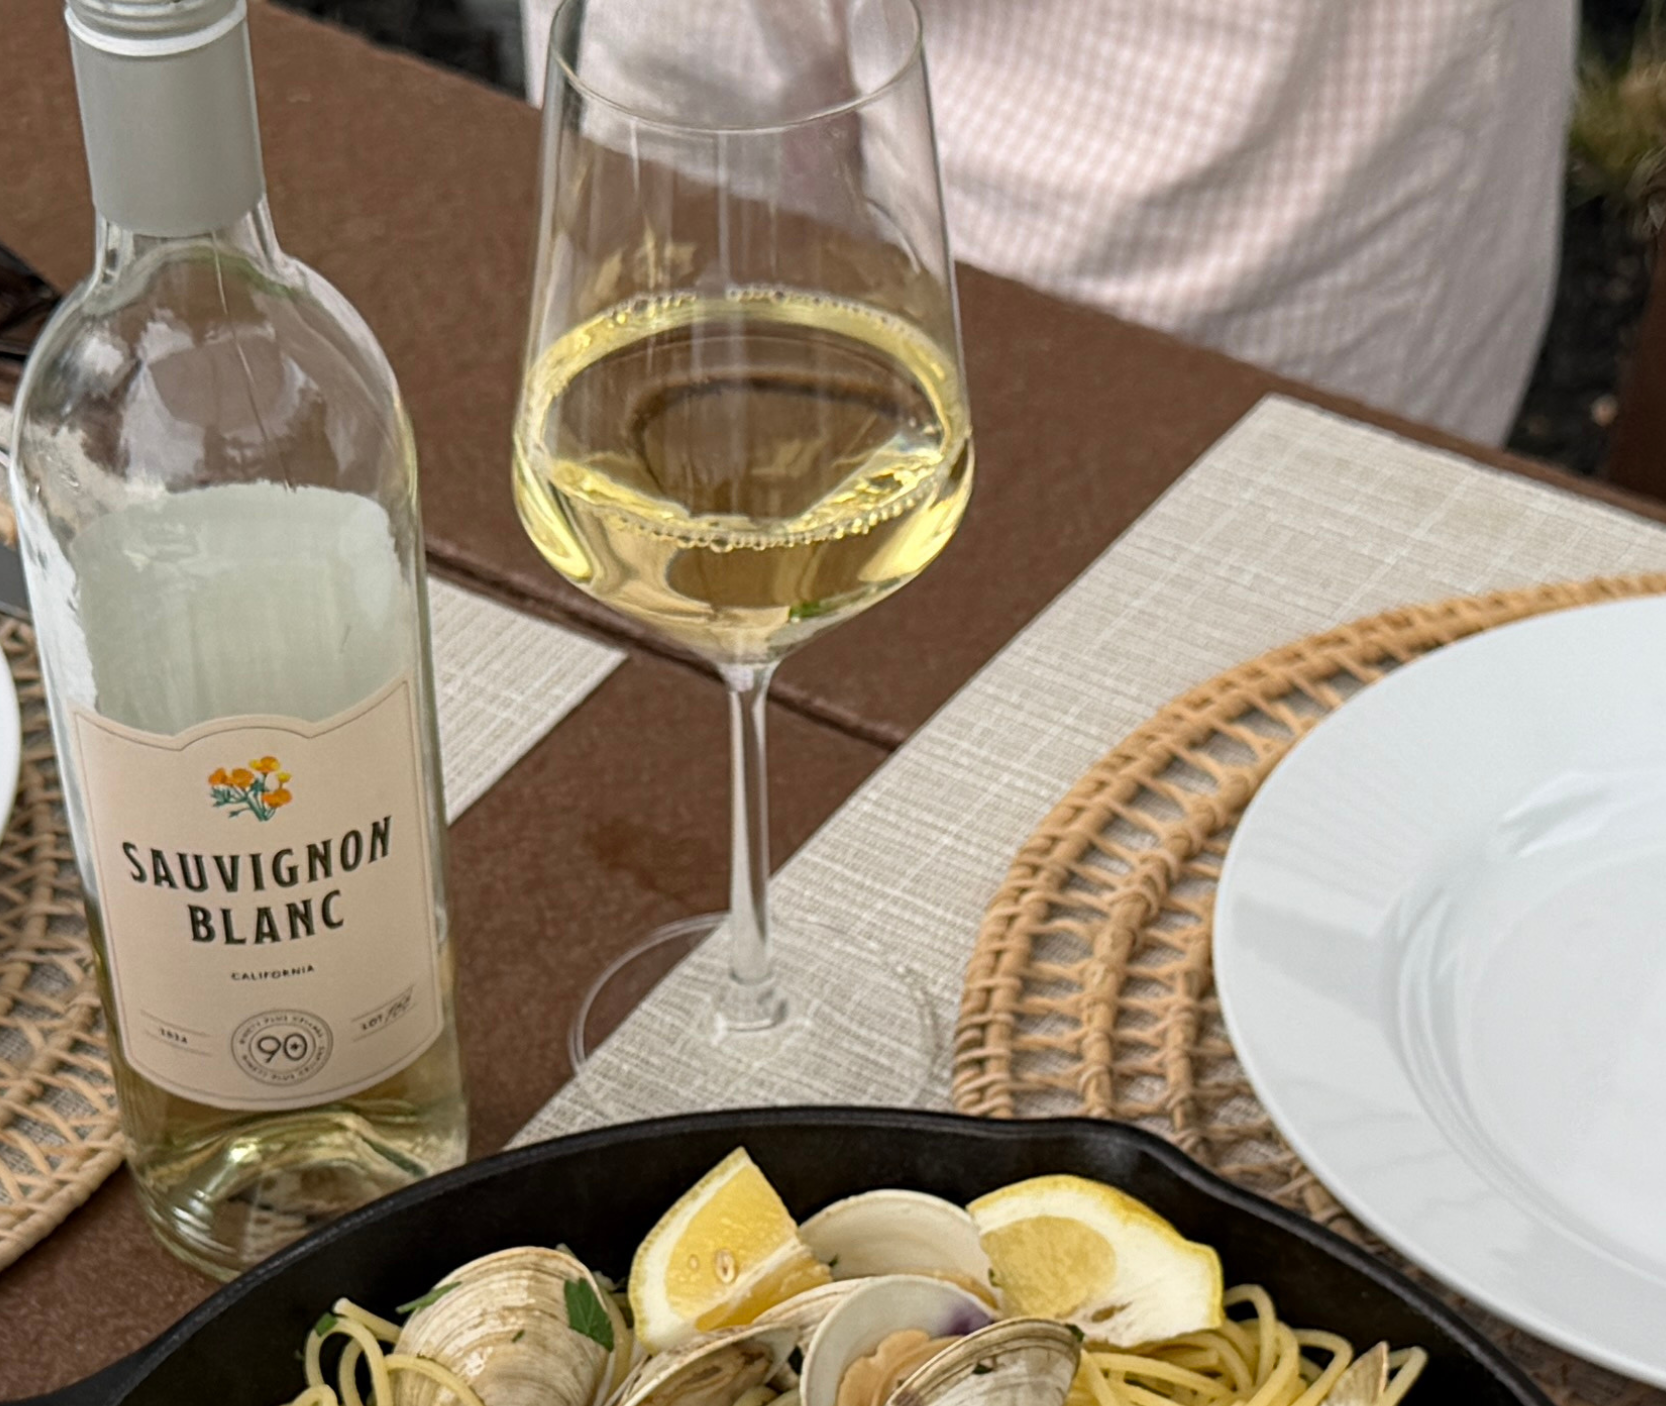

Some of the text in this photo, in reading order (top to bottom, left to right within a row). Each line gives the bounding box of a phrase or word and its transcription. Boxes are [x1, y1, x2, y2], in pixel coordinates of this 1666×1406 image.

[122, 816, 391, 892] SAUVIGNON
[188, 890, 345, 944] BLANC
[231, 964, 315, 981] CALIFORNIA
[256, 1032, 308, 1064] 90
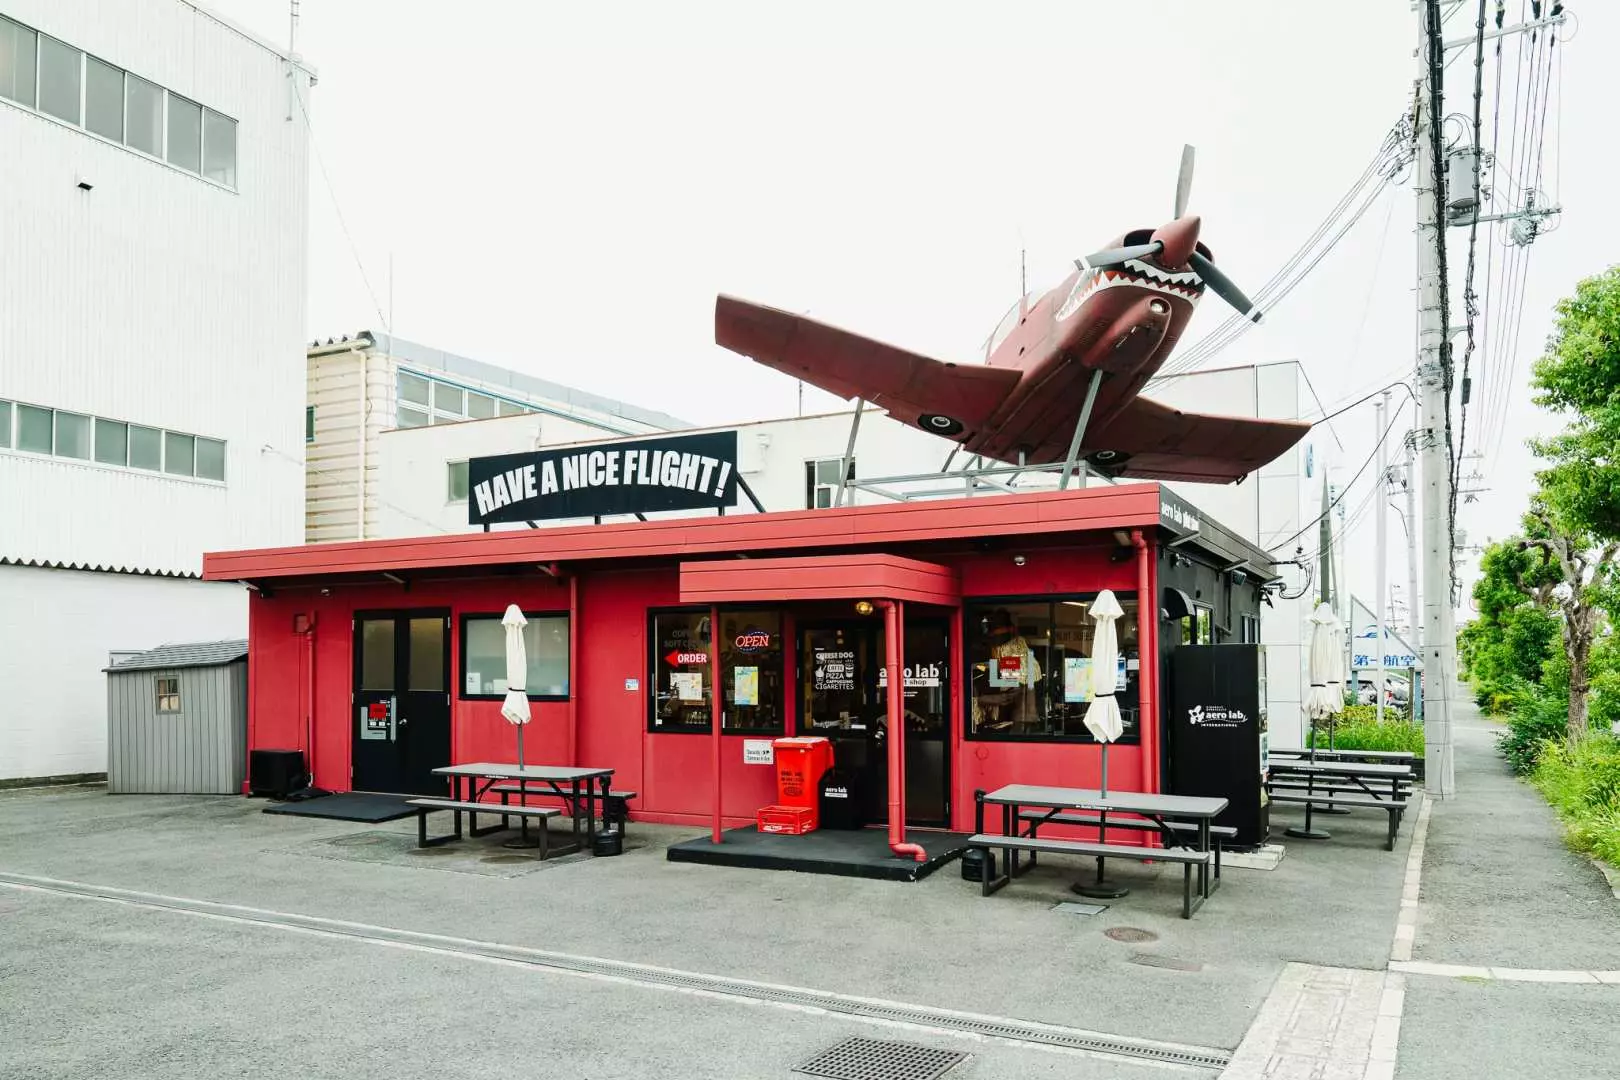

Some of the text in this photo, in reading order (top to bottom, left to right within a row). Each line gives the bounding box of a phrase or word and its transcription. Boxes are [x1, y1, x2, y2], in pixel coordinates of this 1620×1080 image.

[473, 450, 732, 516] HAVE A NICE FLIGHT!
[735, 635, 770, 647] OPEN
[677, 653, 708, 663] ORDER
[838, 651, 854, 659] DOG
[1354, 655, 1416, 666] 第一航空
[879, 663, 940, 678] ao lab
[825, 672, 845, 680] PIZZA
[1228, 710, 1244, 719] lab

* _Work instructions_
Each entry is to be returned precisely as it appears, but the pictures are to be dropped.

* _Answer section_
Some of the text in this photo, in reading order (top to bottom, left to right within a row). Each line gives the bounding box of a phrase or word and its transcription. Boxes are [x1, y1, x2, y2], in pixel coordinates of this 1666×1406 image.

[122, 816, 391, 892] SAUVIGNON
[188, 890, 345, 944] BLANC
[231, 964, 315, 981] CALIFORNIA
[256, 1032, 308, 1064] 90

Some of the text in this photo, in reading order (top to bottom, left to right within a row). Each line gives the bounding box of a phrase or word and its transcription. Boxes are [x1, y1, x2, y2], in pixel coordinates of this 1620×1080 image.

[473, 450, 732, 516] HAVE A NICE FLIGHT!
[735, 635, 770, 647] OPEN
[677, 653, 708, 663] ORDER
[838, 651, 854, 659] DOG
[1354, 655, 1416, 666] 第一航空
[879, 663, 940, 678] ao lab
[825, 672, 845, 680] PIZZA
[1228, 710, 1244, 719] lab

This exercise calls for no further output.